L’emergenza Covid nel mondo sta peggiorando, anche se in Europa è migliorata. Lo ha detto il direttore generale dell’OMS in un briefing con i rappresentanti degli stati membri dell'agenzia dell'ONU. La pandemia sta accelerando in Africa, ad oggi il continente meno colpito. Il virus si sta diffondendo al di fuori delle capitali e la carenza di test e forniture mediche ostacola la lotta. Il Sudafrica da solo ha registrato oltre un quarto dei casi segnalati, e ha confermato un numero elevato di contagi e decessi nelle province del Capo orientale e del Capo occidentale.
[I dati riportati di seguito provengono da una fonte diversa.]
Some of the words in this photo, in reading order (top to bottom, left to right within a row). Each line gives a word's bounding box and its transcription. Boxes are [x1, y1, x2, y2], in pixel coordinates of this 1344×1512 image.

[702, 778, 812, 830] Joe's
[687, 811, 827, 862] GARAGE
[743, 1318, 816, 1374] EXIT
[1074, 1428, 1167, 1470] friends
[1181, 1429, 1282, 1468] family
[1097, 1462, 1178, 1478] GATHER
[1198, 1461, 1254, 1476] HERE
Ma è l'America che preoccupa. Negli Stati Uniti i contagi da Coronavirus hanno superato la soglia dei due milioni. I casi sarebbero in aumento in almeno 21 Stati. Il bilancio delle vittime sale a oltre 113.000. L'America latina, invece, nelle ultime 24 ore è arrivata a sfiorare il milione e mezzo di casi con quasi 72.000 vittime. In testa il Brasile, che da solo contribuisce al bilancio generale con circa la metà dei contagiati superando gli 800.000 casi, quasi centomila in più negli ultimi tre giorni e il 60% dei morti. Seguono Perù, Cile e Messico. La Russia, con oltre 500.000 casi accertati, diventa il terzo Paese più colpito dalla pandemia, dopo Stati Uniti e Brasile. E intanto in Cina un nuovo caso nella capitale dopo 56 giorni di assenza di contagi. Si tratterebbe di un cinquantaduenne di Pechino, già trasferito in ospedale. Le due persone che sono state a stretto contatto con l'uomo sono state poste subito sotto attenta osservazione medica.